Inheriting property does not always bring out the best in family members. There are many individuals and families who manage everything well, follow a loved one’s instructions with care and consideration, and peacefully agree on issues that may not be clearly defined. However, there are others who do not manage these situations well at all.
When a loved one passes on, often feelings and emotions are highly charged. Mistaken beliefs and misconceptions can emerge, having the potential to last indefinitely. The passing of a family member can give rise to long-dormant relationship issues, which may resurface and revive old jealousies and resentments. Negative thoughts and feelings could then be compounded by surprise and unmet expectations.
But whether your estate is large or small, or your children get along famously or less than ideally, there are some things you can do to minimize the likelihood of an estate dispute or contest.
Create an estate plan while you are still healthy and of sound mind.
Don’t wait for an illness to create your estate plan. You need to be in the best position to work with an attorney to communicate your wishes clearly and effectively in order to design an estate plan that is best for you.
By creating a plan in advance, you can focus on your health issues, should they arise, without the additional burden of having to put your affairs in order.
Explain, to your family, different or unequal treatment of beneficiaries.
Chances for disputes and litigation increase when beneficiaries are surprised or hurt when receiving their inheritance because they may have anticipated more of an equal distribution among family members.
For orthodox Jews, there are Halachic guidelines which govern how and who should receive your assets. Lack of knowledge, understanding, and failure to properly plan in advance could be a catalyst for tremendous conflict. For instance, according to the seder of yerushah (order of inheritance), if a man has sons, they are the sole heirs of his estate, halachically. If there is more than one son, each son inherits an equal share, and the bechor (the firstborn son) receives a double portion. Consider the following hypothetical by way of example.
Although many parents leave their property to their children more or less equally, there can be many good reasons for a different plan. Perhaps a child has problems handling money or already received an “advance” on his inheritance in the form of a gift. Or, possibly one child is more financially stable than the others.
While you may have valid reasons for treating beneficiaries differently, if you decide to do so, additional care should be exercised to protect your plan if contested.
Making your wishing known in advance with a family meeting or a separate and personal letter explaining your decisions could be very helpful in preventing family feuds. A “no contest” clause in a Will or Trust could also serve as a deterrent to litigation.
When children understand your reasoning, they are more likely to honor and not challenge your decisions.
Discuss, with your family, the division and distribution of your personal effects.
Separating personal property such as jewelry or other collectibles is usually not as easy as dividing bank accounts into equal shares. The distribution of tangible belongings gives rise to most of the disputes that occur. This usually is due to emotional attachments associated with particular items.

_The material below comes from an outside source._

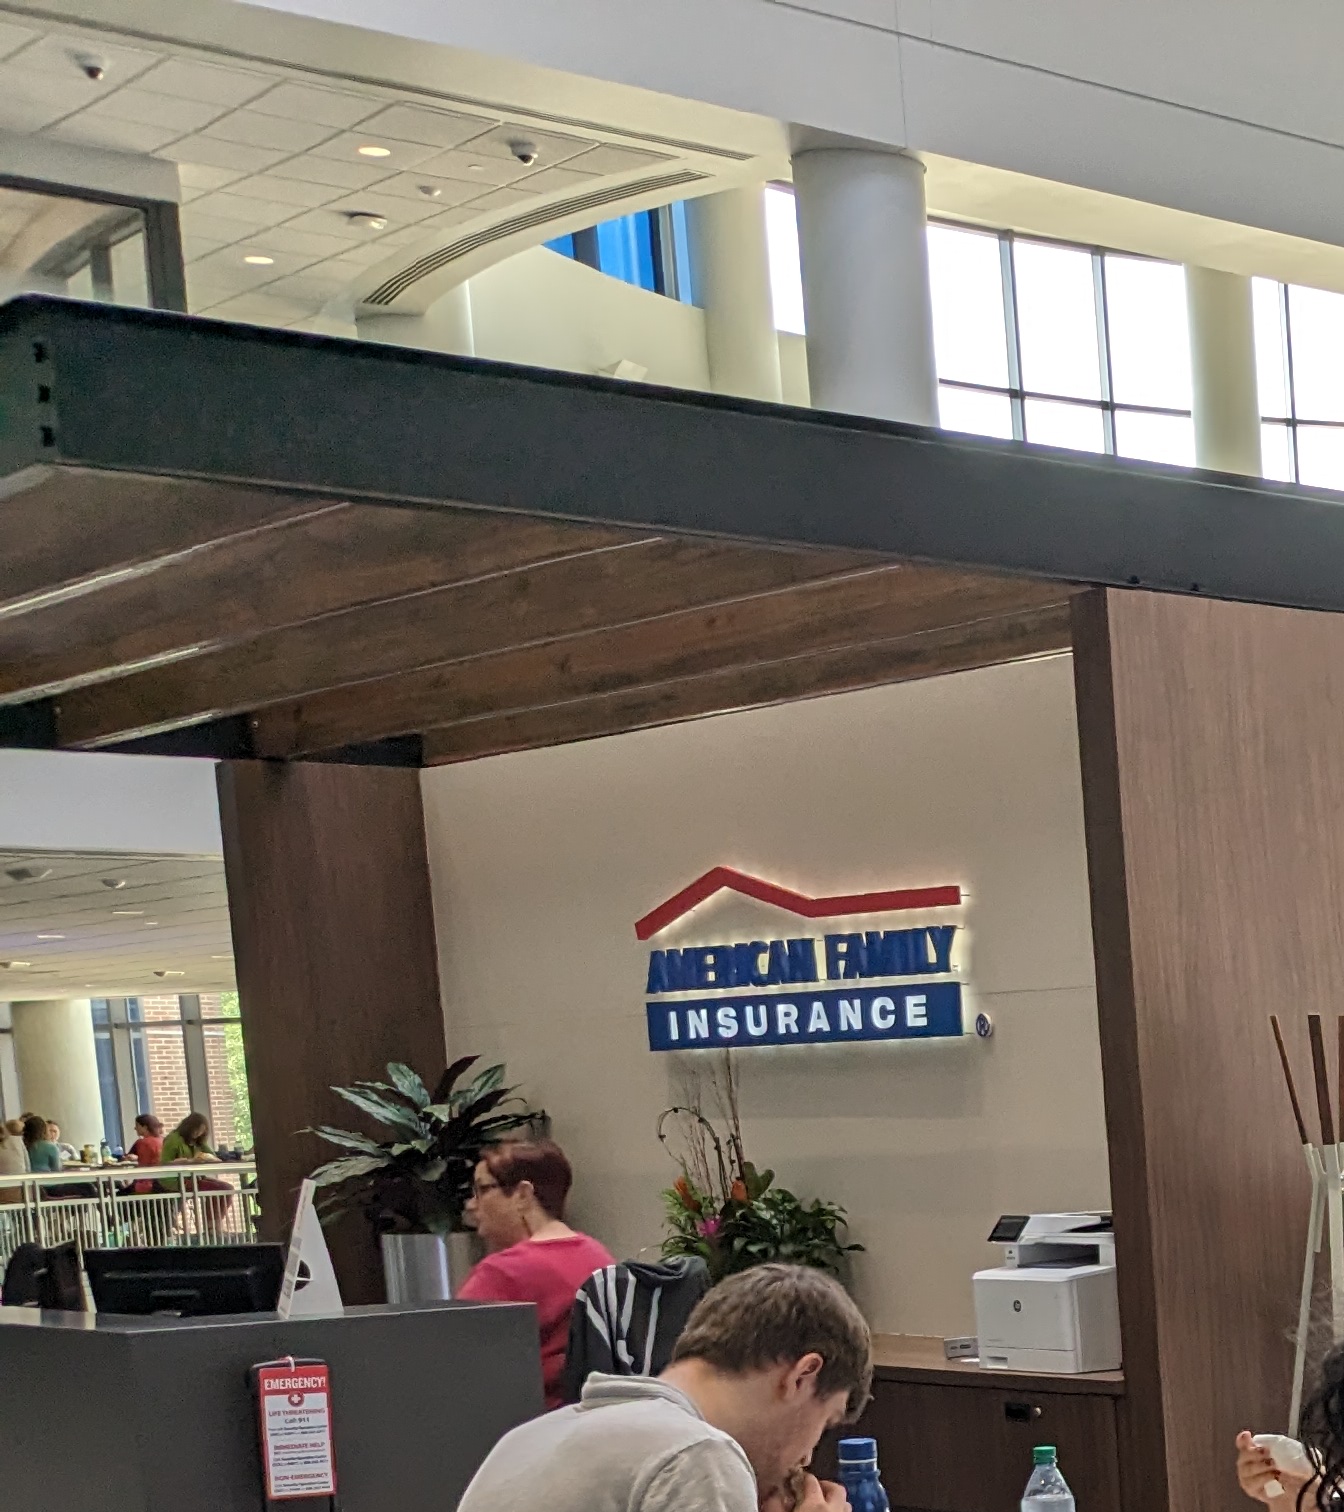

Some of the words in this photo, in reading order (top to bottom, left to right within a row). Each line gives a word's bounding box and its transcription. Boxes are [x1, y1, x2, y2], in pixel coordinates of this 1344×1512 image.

Having open discussions with beneficiaries to make your wishes and expectations known can be extremely helpful towards maintaining family harmony. This could also be a good opportunity to obtain new found information regarding preferences or lack thereof, for any of your personal things. A personal property memorandum or other itemizations of specific gifts in your estate plan can be extremely useful towards preventing disputes and provides clarification for claims of verbal promises.
Use a Revocable Living Trust to avoid probate.
A Will based estate plan requires probate. Once a Will has been probated, it becomes a public record and the world will now know who your beneficiaries are and what they received. Also, beneficiaries and heirs that you might have disinherited must receive probate notices and are given an opportunity to contest your Will.
With a properly funded Revocable Living Trust, you can keep your estate private and out of probate court.
Choose your executor and trustee(s) succession wisely.
It is extremely important to choose an executor (the person who will manage your estate distribution) and trustee(s) (the persons responsible for your trust) you trust and can rely on. Although you may have competent and available individuals in mind, to appoint as your fiduciaries, an incompatible combination can create and fuel conflict. You should also consider the relationships between these fiduciaries and beneficiaries. Try to anticipate what conflicts could arise during administration of the estate.
In some instances, naming co-trustees can minimize conflict, but in others, it may generate conflict. If beneficiaries are likely to fight, consider naming an independent trustee, such as a trust company.
Providing trustees with an exit plan, and appropriate trustee succession, can ensure your wishes are carried out.
Communicate if your giving is a gift, advance, or loan.
If you have given informal, financial assistance to your family members, it’s important to define how these transfers are identified and how they will be treated at death.
Transfers during one’s lifetime could be considered a gift, loan, or advance against a beneficiary’s inheritance. Discussing these issues during the estate planning process can go a long way to avoid confusion and disputes. Even if they don’t appreciate your plan, with early communication, they will have had some time to get used to the idea and voice their concerns.
Monitor and update your estate plan.
Since laws change and certain events transform our lives – birth, death, marriage, divorce, etc., plans should be reviewed periodically (ideally every 3 years). It is also important to monitor your assets, beneficiary designations and fiduciaries to account for changes in circumstances.
Many of us have seen or heard stories from family or friends who have been embroiled in estate disputes or litigation. Often, these situations can be avoided with advanced and thoughtful planning to address issues that can lead to disputes. If, on the other hand, your estate plan takes everyone by surprise, there could be confusion, argument, and possibly litigation.
Consider an elderly man who leaves most of his estate to a charity, or a caregiver who recently arrived on the scene. Perhaps a woman leaves a valuable piece of jewelry to a niece who wasn’t known to be particularly close to her, instead of her children. If the children knew that the niece, who simply admired the piece of jewelry, had repeatedly performed special and significant acts of kindness for the woman, or the caregiver had performed extraordinary services, the children wouldn’t be left wondering about the fairness of the bequests.
Seek quality legal advice.
Most people recognize the importance of estate planning, but some think they could do it themselves.
Do-it-yourself plans are more susceptible to challenge and ambiguity. There are state specific statutes that govern the drafting and execution of estate planning documents. Failure to follow these regulations can result in a court rejecting those documents, rendering them completely useless, as if there were no documents at all.
Estate planning documents prepared by a qualified attorney can help ensure that the plan was properly prepared and not created, or unduly influenced by a beneficiary. The attorney’s expertise, file preparation and documentation, can help minimize ambiguity and legally memorialize your intentions to ensure your wishes are honored.
The most beneficial and acceptable way to avoid potentially contentious issues is to prepare a comprehensive estate plan, which complies with Halachah. Memorializing your wishes legally and in advance, with open communication, is more likely to garner cooperation and full respect for your decisions. Proper planning is one of the best things a person can do for themselves and the people they care about the most.
The information in this article is intended solely for your information. It does not constitute legal advice, and it should not be relied on without a discussion of your specific situation with an attorney.